Higher salary rises in 2021 are partially attributed to few companies freezing pay increases compared to last year. In 2020, an unprecedented number of companies cancelled salary reviews (30 percent) in APAC, whereas in 2021, the figure dropped to 13 percent and is forecast to return to the low level of 2.5 percent next year. Notably, rises are returning to close to pre-pandemic levels. The larger rises coincide with a surge in demand for labor and a shortage in supply of specific professional roles with premium skills.

Companies are also going through extensive planning in 2021 and will be experimenting with hybrid models that better fit employees’ lifestyles, which may also result in long-term business savings. The buoyant job market and the challenge of engaging employees outside of an office environment mean that companies will need to pay top dollar to hold on to their top talent.

With the recovering environment in many markets, attrition rates have also moved up in countries with positive business outlooks, including Australia, China, Singapore, Taiwan and Vietnam.

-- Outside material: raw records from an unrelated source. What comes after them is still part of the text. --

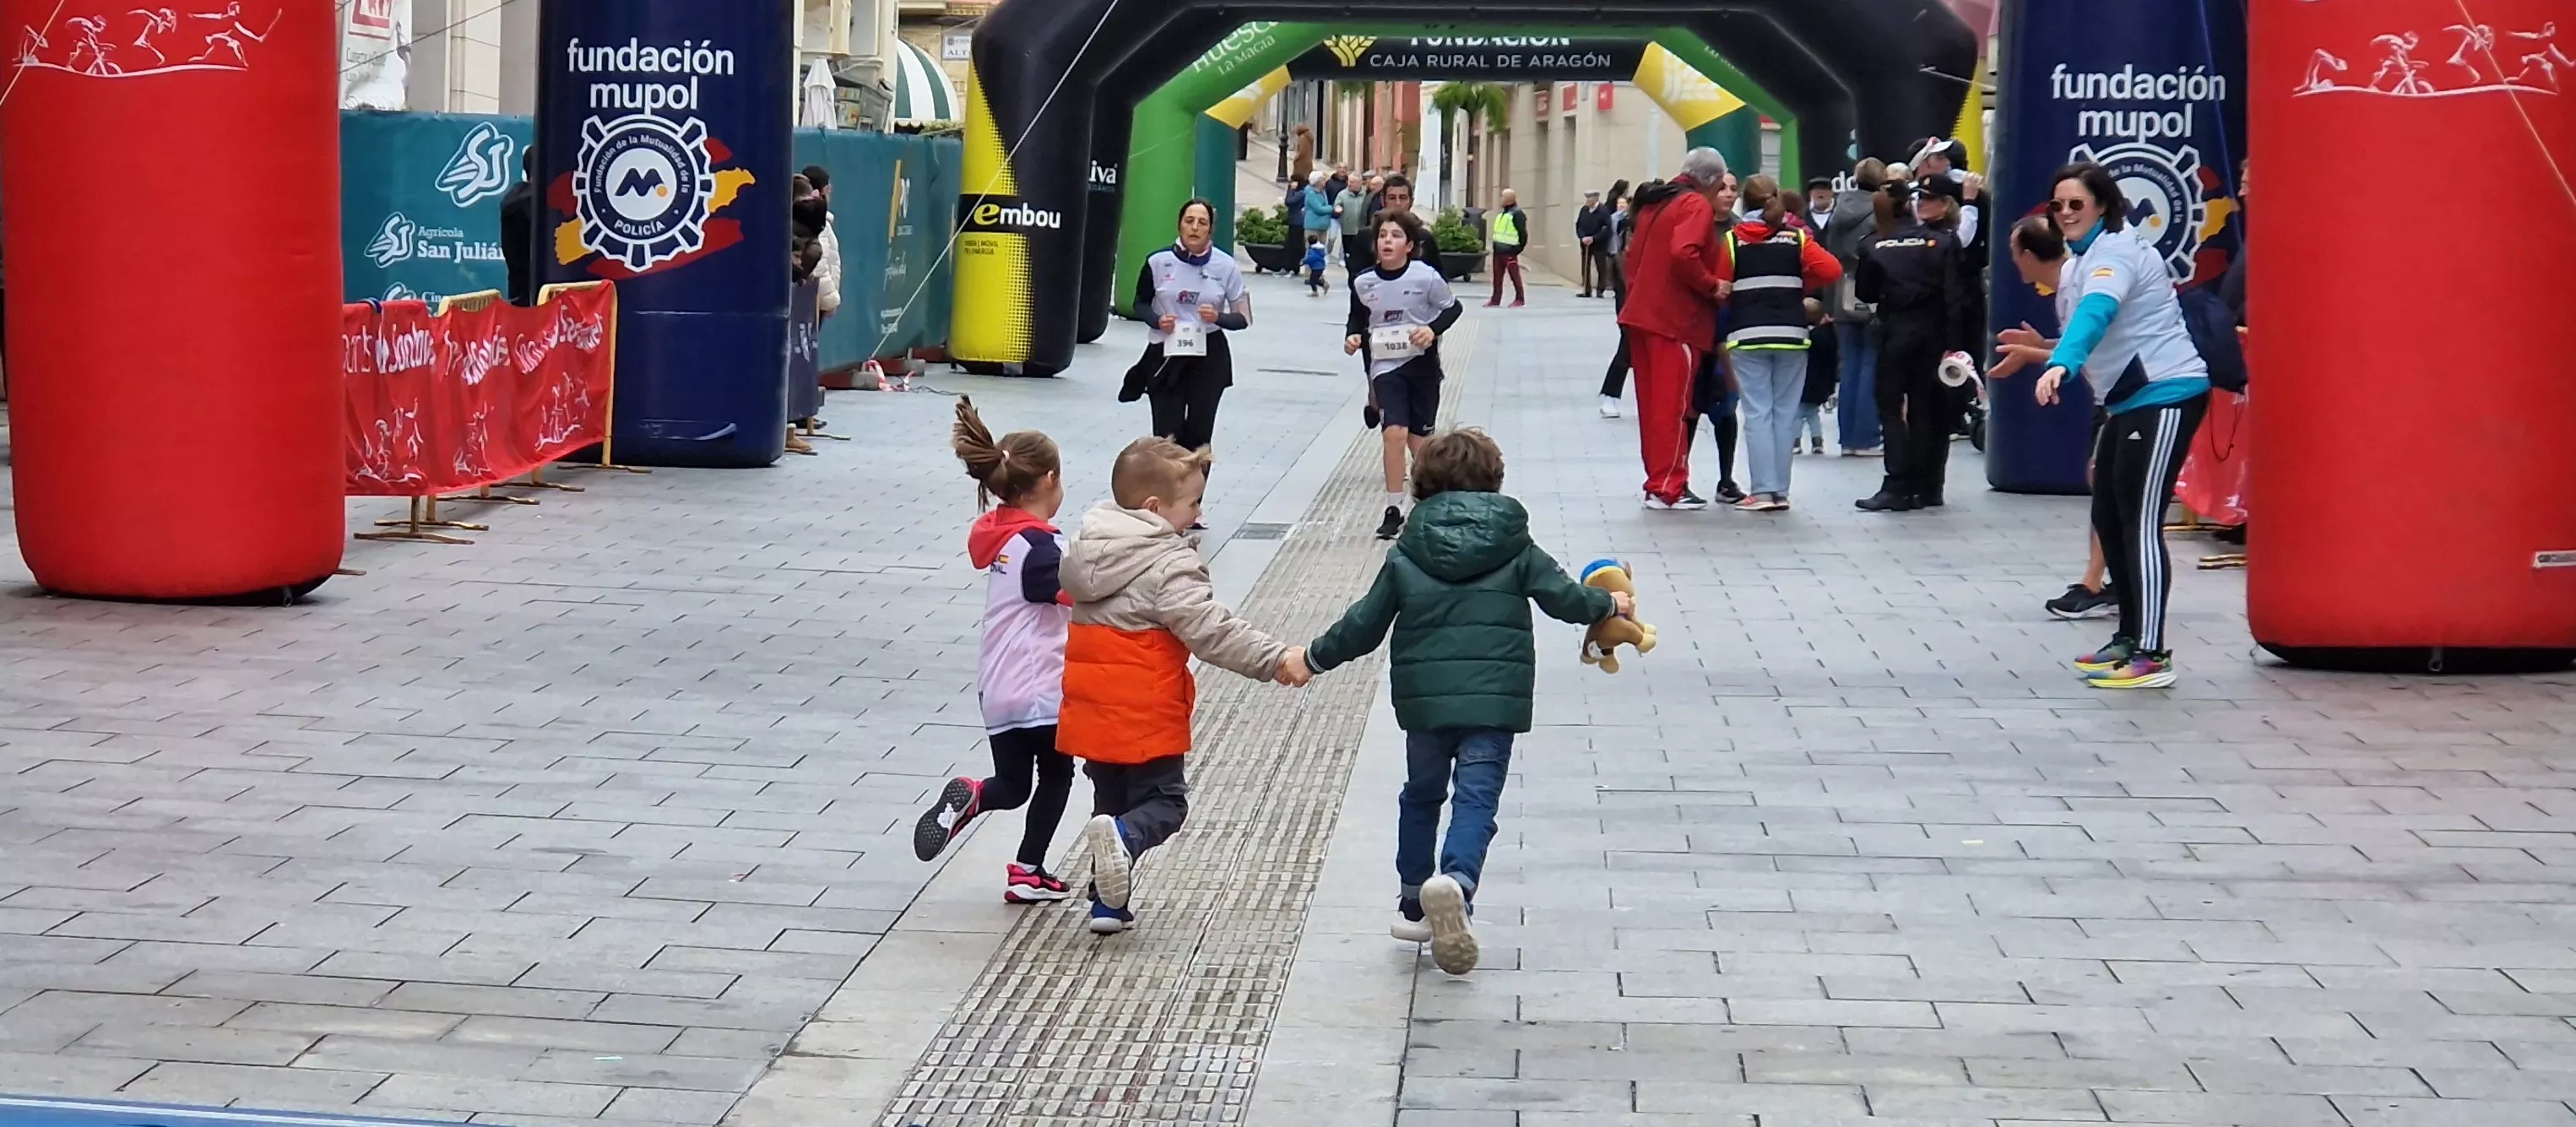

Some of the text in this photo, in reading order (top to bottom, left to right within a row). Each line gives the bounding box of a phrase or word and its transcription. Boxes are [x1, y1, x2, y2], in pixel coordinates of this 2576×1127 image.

[567, 37, 735, 75] fundación
[1369, 51, 1612, 68] CAJA RURAL DE ARAGÓN
[2051, 63, 2226, 101] fundación
[590, 76, 698, 116] mupol
[2078, 103, 2194, 144] mupol
[594, 147, 617, 193] Fundación
[616, 139, 627, 149] de
[628, 135, 638, 144] la
[640, 134, 686, 169] Mutualidad
[680, 170, 690, 182] de
[614, 219, 666, 236] POLICÍA
[973, 203, 1061, 229] embou
[417, 240, 451, 258] San
[1177, 339, 1194, 348] 396
[1384, 342, 1408, 350] 1038

“Attracting and retaining employees remains a major challenge for employers. In fact, the current environment makes these challenges even more difficult. Employers need to deliver a sound employee value proposition supported by comprehensive Total Rewards programs. Beyond competitive salaries, which are table stakes at the moment, companies also need to focus their spend on a diverse set of benefits, wellbeing and upskilling programs to drive employee engagement,” added Edward.

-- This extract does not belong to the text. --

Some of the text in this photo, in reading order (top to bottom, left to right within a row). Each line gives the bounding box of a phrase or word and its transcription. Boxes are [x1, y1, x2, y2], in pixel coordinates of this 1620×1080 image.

Companies in Fintech, Media, and Pharmaceutical and Health Sciences reported the highest average salary budget increments at 4.2 percent, 4.0 percent and 4.4 percent respectively for next year. Industries such as Energy and Natural Resources indicated the lowest average salary budget increase at 3.1 percent for 2022.

Organizations are also likely to create more jobs in functions such as sales, information technology and engineering. The survey shows that 27 percent of companies plan to increase headcount in the next 12 months. Compared to last year, this is a positive outlook as only 12 percent of companies were planning to add headcount in their recruitment plans for 2021. Increments are expected across the board in organizations, particularly at junior and mid-levels, partially driven by the turnover rates at these levels.

“Companies are between a rock and a hard place when it comes to compensation planning. On the one hand, employers need to continue effectively managing fixed costs as they rebound from the pandemic. On the other hand, companies recognize they need to boost compensation, especially in sectors where there may be a manpower crunch. This situation has driven organizations to explore alternative options to fixed pay increases, including sign-on, referral and retention bonuses, functional and skill premiums, mid-year adjustments or pay increases,” said Vidisha Mehta, Head of Talent and Rewards, Singapore, Willis Towers Watson.